Molson Export beer is a Canadian ale brewed by Molson at a strength of 5% alcohol by volume. It was first brewed in 1903 and is the oldest Molson beer brand still in production.

Label 
In 1955, the traditional anchor and crown logo was replaced by a boat.

Recipe 
Export is made using several varieties of two-row malted barley, an ale yeast strain dating back to the foundation of the Molson Brewery, and Golding and Oregon hops.

Prizes and awards 
 Best beer in its category
Molson Export won the gold medal in the Best North American Style Blonde/Golden Ale category at the 2010 Canadian Brewing Awards. This contest brings together breweries from across Canada and selects the best beers from among them in a blind taste competition. The 2010 edition saw a total of 76 breweries submitting 390 beers across 31 categories. A panel of 20 judges selected the winners based on specific criteria, namely the taste, appearance, aroma, mouth-feel, and overall impression.
Molson Export also took part in the 2011 World Quality Selections, organized by Monde Selection, an Independent International Institute based in Brussels, Belgium. Monde Selection's mission is to test consumer products, rate them for their gustative worth and grant them an award. Molson Export won a Gold Award in 2011 and 2001. The 2011 Monde Selection edition saw a total of 430 beers, coming from 60 countries. However, Monde Selection awards are non-competitive and only products that pay to enter are judged.

Advertising campaigns 

Launched in 1997, the Jeune Depuis 1903 (Young since 1903) campaign in Quebec emphasized the long-standing tradition behind Molson Export. In 2003, as part of this same campaign, Molson Export celebrated its 100th anniversary.

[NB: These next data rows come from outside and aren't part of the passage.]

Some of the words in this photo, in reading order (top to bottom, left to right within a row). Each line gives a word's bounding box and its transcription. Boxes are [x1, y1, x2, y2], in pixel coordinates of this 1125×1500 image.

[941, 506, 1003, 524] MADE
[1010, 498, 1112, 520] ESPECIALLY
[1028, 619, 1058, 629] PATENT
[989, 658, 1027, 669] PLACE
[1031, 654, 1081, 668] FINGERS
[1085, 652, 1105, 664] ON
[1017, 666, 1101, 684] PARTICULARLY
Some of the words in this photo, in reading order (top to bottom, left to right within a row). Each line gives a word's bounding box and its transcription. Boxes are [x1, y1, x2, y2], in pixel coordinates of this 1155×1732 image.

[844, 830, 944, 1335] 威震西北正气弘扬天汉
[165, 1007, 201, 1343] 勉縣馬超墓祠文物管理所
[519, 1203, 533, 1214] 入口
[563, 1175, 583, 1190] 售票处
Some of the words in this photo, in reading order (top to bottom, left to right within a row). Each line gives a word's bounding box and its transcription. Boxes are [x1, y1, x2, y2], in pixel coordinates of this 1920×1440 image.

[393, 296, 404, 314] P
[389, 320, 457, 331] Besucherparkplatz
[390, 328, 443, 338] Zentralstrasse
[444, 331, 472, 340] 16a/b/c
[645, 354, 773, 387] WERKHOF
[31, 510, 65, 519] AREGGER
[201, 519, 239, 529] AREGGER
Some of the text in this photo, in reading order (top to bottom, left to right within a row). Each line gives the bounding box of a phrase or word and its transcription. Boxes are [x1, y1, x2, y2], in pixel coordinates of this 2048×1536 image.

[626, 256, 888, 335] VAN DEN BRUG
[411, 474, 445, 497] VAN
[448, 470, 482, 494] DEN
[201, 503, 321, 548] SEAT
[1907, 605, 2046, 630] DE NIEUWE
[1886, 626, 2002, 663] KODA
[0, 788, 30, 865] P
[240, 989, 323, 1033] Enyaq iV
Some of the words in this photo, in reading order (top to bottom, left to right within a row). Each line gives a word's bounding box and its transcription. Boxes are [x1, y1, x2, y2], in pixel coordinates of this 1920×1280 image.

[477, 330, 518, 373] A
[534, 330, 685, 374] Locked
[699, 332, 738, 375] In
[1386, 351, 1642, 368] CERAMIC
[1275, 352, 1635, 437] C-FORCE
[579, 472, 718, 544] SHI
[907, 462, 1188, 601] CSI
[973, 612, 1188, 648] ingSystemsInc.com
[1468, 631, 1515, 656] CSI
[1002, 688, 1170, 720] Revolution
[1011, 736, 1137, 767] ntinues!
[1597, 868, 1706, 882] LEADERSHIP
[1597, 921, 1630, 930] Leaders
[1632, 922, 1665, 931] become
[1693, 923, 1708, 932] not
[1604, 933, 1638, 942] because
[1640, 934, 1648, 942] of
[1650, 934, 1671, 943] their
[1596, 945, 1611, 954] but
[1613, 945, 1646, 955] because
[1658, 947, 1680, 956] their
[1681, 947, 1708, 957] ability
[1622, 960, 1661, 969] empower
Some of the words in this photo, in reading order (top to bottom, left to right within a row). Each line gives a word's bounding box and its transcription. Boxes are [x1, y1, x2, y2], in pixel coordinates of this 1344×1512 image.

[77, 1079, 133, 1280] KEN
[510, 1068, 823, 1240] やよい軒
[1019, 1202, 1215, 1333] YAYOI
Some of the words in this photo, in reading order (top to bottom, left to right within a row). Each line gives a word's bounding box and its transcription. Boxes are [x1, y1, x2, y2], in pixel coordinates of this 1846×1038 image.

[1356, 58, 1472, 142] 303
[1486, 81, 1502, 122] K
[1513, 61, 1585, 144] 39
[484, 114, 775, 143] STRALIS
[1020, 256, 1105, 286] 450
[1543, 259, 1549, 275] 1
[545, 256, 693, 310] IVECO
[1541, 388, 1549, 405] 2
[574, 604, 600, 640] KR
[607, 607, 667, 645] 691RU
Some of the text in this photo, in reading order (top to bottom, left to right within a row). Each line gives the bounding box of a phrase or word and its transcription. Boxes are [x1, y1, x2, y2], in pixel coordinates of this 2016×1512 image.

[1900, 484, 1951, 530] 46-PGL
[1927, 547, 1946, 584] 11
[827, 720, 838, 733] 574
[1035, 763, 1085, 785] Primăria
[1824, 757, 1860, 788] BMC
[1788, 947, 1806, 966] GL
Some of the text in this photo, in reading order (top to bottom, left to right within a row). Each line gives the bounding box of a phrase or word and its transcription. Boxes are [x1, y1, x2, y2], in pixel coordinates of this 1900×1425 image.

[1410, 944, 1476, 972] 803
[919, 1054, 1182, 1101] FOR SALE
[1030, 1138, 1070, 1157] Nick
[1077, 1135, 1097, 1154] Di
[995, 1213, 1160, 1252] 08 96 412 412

In 2010, Molson Export created a new brand image that again referenced its history and an advertising campaign that focused on John Molson. A TV spot recounting one of his trans-Atlantic voyages went on air while an integrated multimedia campaign focused on him was presented in the Bell Centre and online.

In 2022 Molson Export has teamed up with the NHL and presented the Draft Viewing party. 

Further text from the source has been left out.